Sto con Erri De Luca, perché le parole sono pietre

Trovo non condivisibile e ingenuamente semplificatoria, in una società dove, nonostante la Rete, il monopolio della comunicazione resta saldamente in poche mani, l’idea per la quale «le parole non si processano». E’ lo slogan che campeggia, tra gli altri, sul sito iostoconerri.it, in stridente distonia con quanto invece afferma lo stesso Erri De Luca, per il quale è stata chiesta una condanna penale a otto mesi per istigazione a delinquere.
E’ anche il concetto più diffuso tra quanti solidarizzano con il tuttora presunto istigatore del sabotaggio della TAV. Credo che siano ben altre le ragioni di De Luca. Nel merito la pretestuosità della correlazione tra le sue parole e le azioni di terzi, nonostante su ciò si basi il reato di istigazione. Nel contesto perché la difesa della libertà di espressione non può passare da questa ingenua pretesa di intangibilità del verbo sull’azione.
È un crinale difficile quello tra il liberticidio del dissenso (quale quello espresso da Erri De Luca) e la banalizzazione e la rivendicazione dell’irresponsabilità della parola, che è l’esatto opposto di quanto afferma lo scrittore napoletano.
Mi sono occupato, anche perché ne sono stato vittima, delle querele intimidatorie, spesso seriali, con le quali ricchi e potenti perseguitano chiunque osi nominarli. E’ un girone dell’inferno ma #IostoconErri, perché si fa carico del peso delle proprie parole e le difenderà anche se verrà condannato.

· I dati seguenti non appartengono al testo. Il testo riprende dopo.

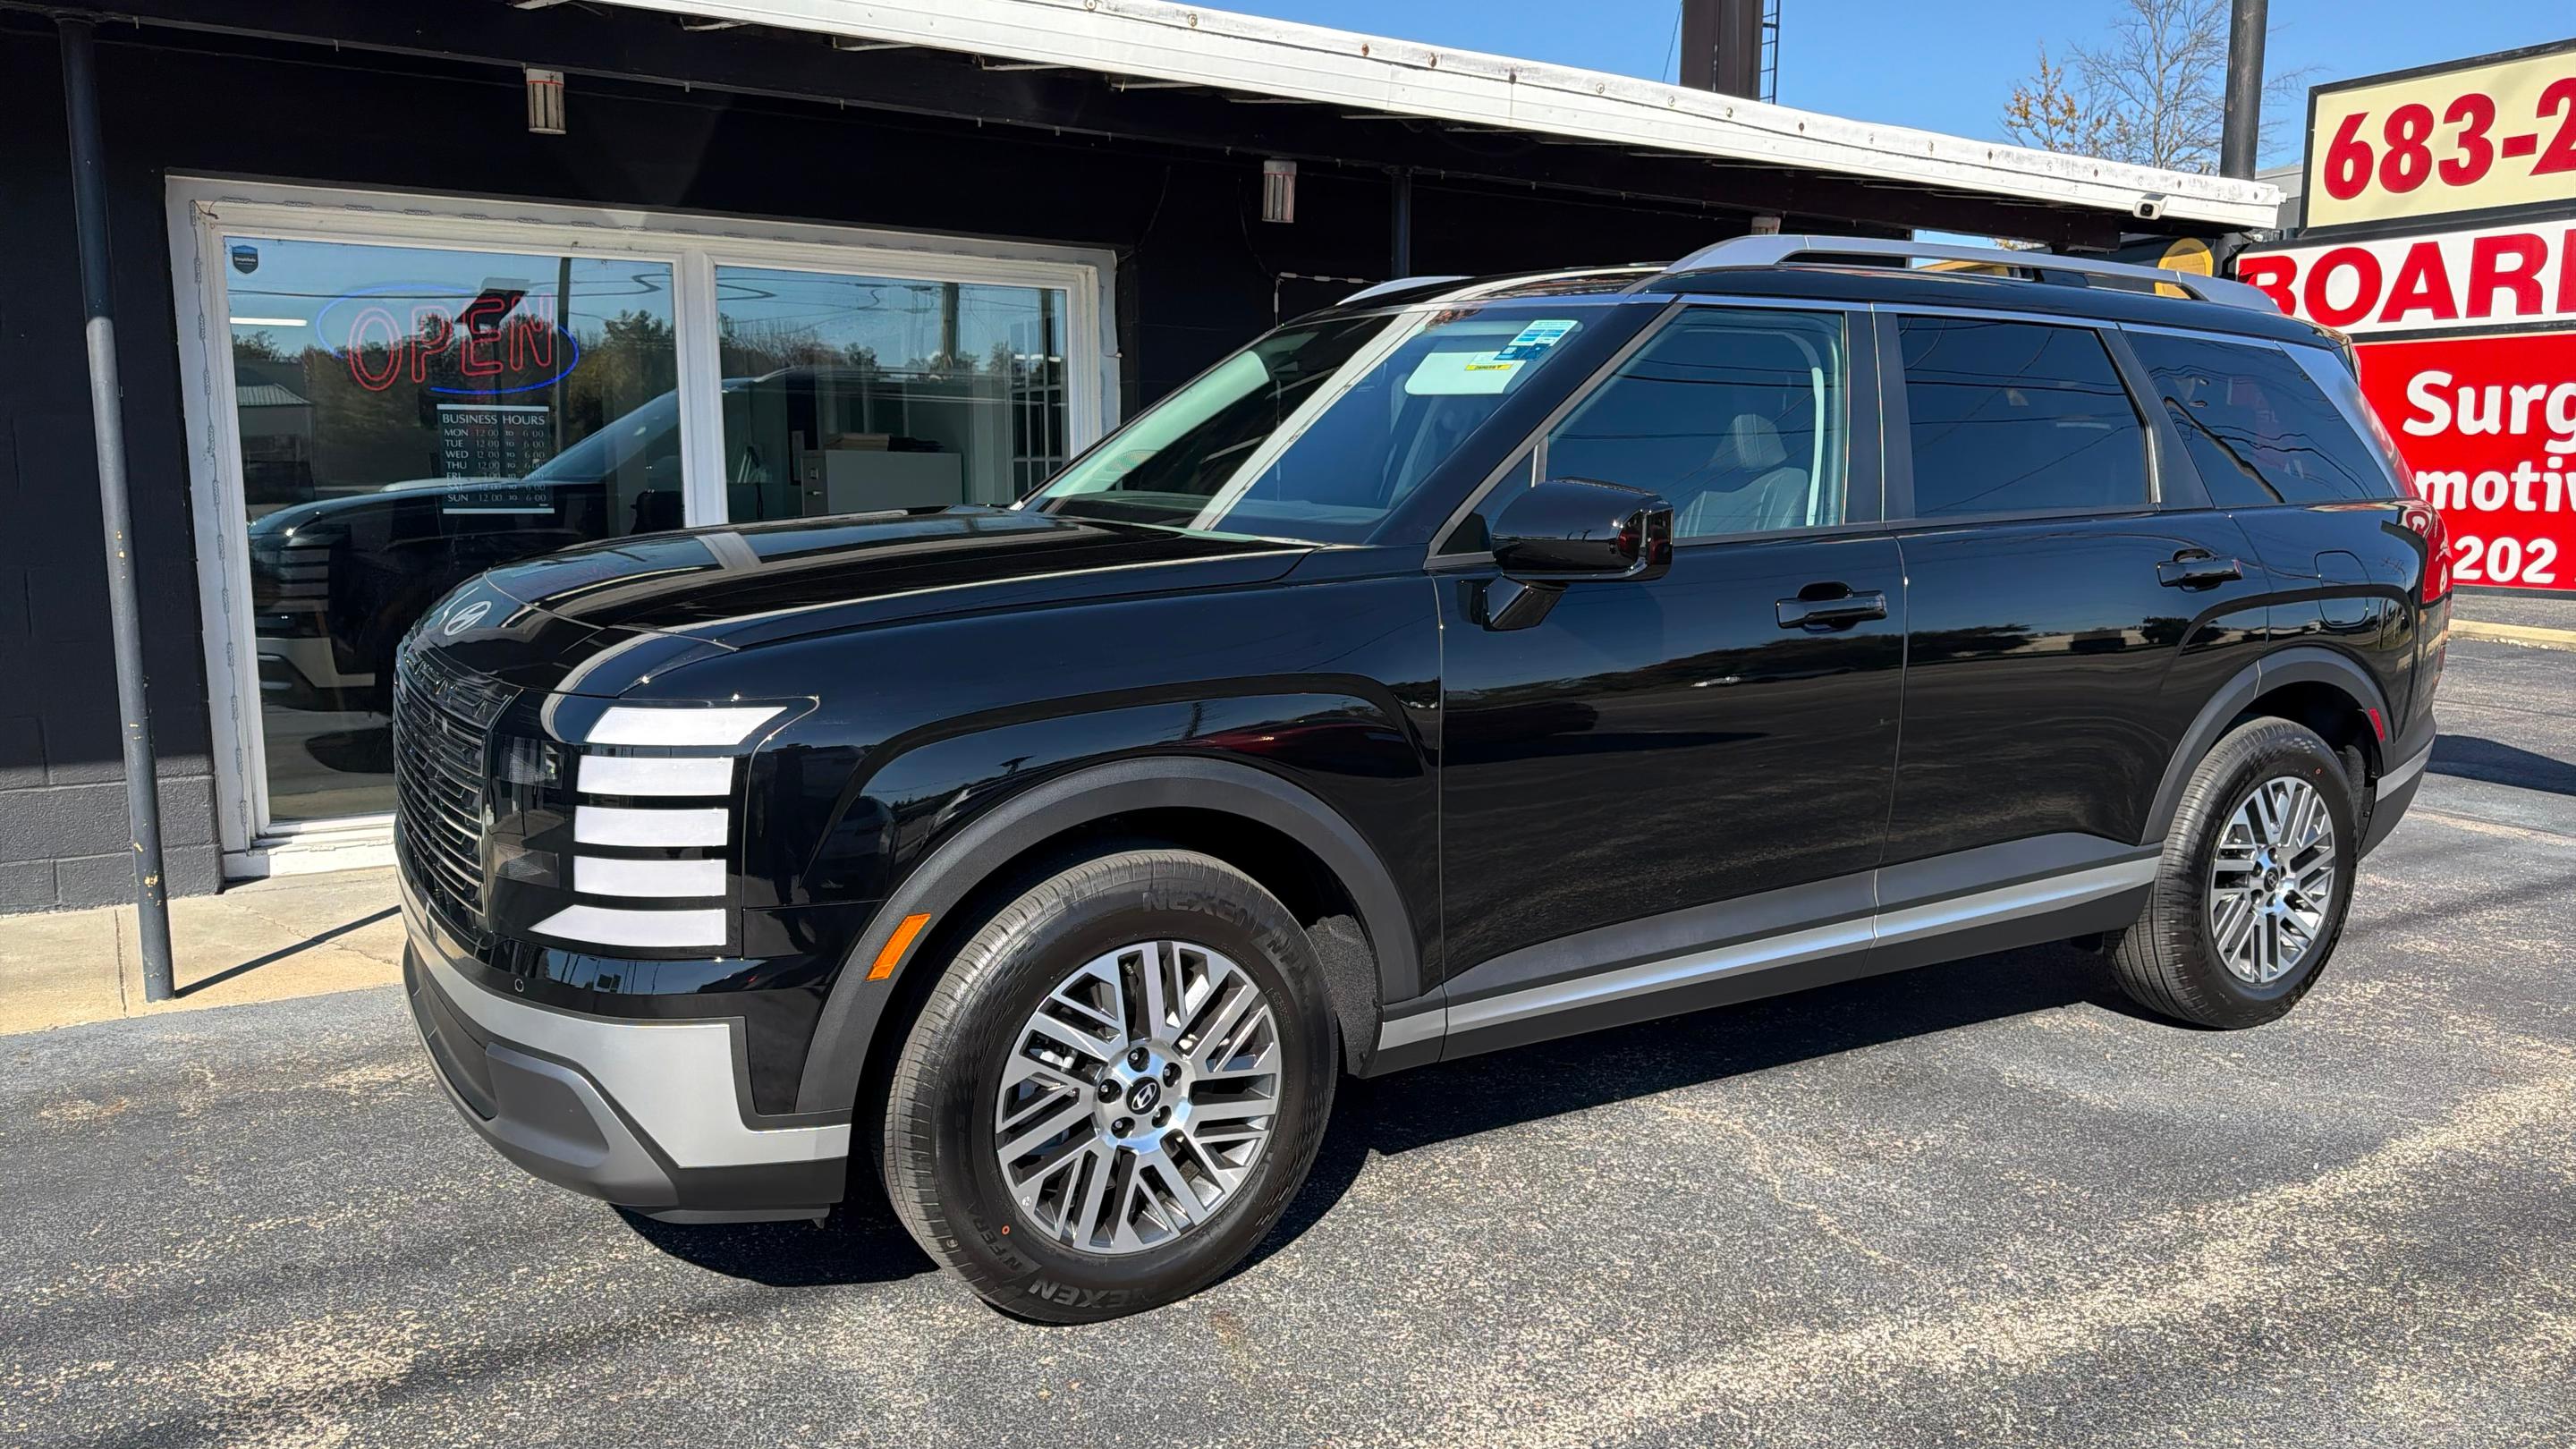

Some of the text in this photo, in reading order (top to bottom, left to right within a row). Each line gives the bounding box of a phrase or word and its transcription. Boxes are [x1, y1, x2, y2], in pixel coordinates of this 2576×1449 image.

Io sto con Primo Levi che rivendicò il principio di responsabilità del «rispondere di quanto scriviamo, parola per parola». Solo se siamo pronti a rispondere di quanto scriviamo, le nostre parole hanno dignità.
Altrimenti resta il sicariato del mainstream o lo sterile borbottio dei social e, nella società della liquidità della deresponsabilizzazione, le idee non valgono nulla.